The clutch slave pushrod and piston disappeared from my car whilst driving. The "U" link and pin was left on the operating arm. I've fitted a new slave cylinder and slave pushrod (reputable UK supplier), I've connected the "U" link to the middle hole on the operating arm. The piston pops out of the cylinder before the clutch releases. I now realise that the original pushrod had been modified, there is evidence of poor welding on the "U" link where it attaches to the rod, in fact I can't see any clean metal at the break!

The replacement pushrod overall length is 152mm / 6".

The operating arm has 15mm / 5/8" of free play, the distance from the centre of the centre hole on the operating arm to the opening of the slave cylinder is approx 130mm / 5 1/8" minimum and approx 145mm / 5 11/16" maximum.
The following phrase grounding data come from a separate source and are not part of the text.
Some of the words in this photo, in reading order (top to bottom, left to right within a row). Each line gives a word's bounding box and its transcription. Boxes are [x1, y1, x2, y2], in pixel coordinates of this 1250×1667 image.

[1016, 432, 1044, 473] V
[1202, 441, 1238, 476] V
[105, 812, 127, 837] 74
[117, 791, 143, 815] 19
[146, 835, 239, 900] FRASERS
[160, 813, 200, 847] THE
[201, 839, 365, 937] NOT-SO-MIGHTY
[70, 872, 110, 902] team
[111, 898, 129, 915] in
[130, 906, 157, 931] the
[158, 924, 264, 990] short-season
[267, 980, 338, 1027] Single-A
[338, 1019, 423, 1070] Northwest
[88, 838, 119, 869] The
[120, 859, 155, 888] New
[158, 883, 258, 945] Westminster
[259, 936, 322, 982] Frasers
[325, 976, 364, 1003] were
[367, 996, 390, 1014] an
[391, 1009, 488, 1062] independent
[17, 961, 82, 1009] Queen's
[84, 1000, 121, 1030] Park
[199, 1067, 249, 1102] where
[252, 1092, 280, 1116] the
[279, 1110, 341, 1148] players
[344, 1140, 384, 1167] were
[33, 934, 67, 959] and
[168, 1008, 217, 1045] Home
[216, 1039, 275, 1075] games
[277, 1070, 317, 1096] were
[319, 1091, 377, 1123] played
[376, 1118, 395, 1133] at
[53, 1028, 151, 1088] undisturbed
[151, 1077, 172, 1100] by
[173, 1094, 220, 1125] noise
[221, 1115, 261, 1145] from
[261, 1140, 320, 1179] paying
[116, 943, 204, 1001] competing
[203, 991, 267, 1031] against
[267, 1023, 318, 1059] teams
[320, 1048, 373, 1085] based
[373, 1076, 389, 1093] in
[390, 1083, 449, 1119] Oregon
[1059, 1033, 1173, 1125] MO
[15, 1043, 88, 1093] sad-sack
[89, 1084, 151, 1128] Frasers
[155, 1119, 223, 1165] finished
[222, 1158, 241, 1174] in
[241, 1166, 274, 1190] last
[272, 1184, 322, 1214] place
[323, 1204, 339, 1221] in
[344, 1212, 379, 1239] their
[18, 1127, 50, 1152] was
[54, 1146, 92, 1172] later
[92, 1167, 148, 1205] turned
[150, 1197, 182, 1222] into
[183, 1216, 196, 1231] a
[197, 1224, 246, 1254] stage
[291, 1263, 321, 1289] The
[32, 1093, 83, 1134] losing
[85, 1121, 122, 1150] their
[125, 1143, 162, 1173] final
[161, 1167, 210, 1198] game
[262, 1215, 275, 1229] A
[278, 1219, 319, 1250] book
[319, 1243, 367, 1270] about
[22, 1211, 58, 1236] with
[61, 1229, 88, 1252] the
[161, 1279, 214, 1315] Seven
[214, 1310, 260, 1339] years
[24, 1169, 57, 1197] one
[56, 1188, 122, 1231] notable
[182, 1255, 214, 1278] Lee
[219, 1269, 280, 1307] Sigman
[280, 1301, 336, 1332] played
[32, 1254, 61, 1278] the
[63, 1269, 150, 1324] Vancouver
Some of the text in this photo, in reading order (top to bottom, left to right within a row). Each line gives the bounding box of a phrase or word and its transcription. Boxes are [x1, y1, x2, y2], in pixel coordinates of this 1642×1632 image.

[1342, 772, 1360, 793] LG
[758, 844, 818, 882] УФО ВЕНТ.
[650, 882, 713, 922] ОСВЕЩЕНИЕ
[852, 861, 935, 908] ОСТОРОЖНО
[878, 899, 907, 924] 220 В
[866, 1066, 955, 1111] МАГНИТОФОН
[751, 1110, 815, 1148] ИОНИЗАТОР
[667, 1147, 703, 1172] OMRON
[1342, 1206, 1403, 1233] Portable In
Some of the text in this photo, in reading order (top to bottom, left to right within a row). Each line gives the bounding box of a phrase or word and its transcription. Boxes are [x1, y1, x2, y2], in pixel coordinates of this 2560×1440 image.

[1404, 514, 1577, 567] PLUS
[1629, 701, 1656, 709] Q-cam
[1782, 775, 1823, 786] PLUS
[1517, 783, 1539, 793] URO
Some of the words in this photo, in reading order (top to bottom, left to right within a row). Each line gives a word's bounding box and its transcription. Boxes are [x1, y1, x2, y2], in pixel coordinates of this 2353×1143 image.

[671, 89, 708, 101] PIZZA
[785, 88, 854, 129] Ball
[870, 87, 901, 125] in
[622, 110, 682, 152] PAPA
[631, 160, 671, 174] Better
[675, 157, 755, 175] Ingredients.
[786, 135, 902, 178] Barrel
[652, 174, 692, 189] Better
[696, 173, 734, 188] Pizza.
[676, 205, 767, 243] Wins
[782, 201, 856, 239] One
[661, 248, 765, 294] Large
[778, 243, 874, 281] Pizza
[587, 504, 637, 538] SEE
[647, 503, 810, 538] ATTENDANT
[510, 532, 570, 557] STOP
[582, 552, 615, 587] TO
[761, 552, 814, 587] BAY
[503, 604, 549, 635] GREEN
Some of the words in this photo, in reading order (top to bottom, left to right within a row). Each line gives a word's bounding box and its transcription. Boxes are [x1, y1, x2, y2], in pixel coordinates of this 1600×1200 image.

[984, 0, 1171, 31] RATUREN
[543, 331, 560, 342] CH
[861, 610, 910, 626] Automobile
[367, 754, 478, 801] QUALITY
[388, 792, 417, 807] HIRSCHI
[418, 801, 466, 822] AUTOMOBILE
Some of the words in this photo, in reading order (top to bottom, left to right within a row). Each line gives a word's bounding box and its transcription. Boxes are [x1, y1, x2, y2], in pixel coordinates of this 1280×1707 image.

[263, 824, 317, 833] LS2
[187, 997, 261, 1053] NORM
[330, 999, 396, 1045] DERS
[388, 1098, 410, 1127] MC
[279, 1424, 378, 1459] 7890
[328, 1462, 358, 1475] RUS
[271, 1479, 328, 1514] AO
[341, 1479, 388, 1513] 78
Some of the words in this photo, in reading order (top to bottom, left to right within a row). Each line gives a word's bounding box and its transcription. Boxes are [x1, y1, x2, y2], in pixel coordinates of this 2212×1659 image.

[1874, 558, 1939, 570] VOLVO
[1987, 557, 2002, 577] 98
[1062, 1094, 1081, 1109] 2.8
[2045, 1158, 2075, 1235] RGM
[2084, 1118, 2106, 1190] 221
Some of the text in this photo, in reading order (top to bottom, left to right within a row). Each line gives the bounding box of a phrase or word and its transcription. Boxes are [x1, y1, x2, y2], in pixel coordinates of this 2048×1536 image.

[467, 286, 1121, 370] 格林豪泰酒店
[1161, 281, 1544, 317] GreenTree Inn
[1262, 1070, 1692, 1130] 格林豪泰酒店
Receipts show that the previous owner fitted a new clutch from Rimmers approx 12 000 miles ago. The clutch was working OK before the pushrod and piston went missing, although selecting reverse was bit crunchy if rushed.

Either:

a) the modified pushrod was longer than the standard pushrod, the modified pushrod has broken and all I need do is fit another modified pushrod (hopefully!)

or

b) the operating mechanism for the clutch has broken within the bellhousing, perhaps the pin-bolt for the clutch release fork, the operating arm has then travelled beyond full extension and allowed the pushrod to fall out of the slave cylinder and hit the ground, closely followed by the piston .... which means gearbox out for repair.

I'd appreciate any comments, particularly regarding the length of the pushrod and the positioning/freeplay of the operating arm.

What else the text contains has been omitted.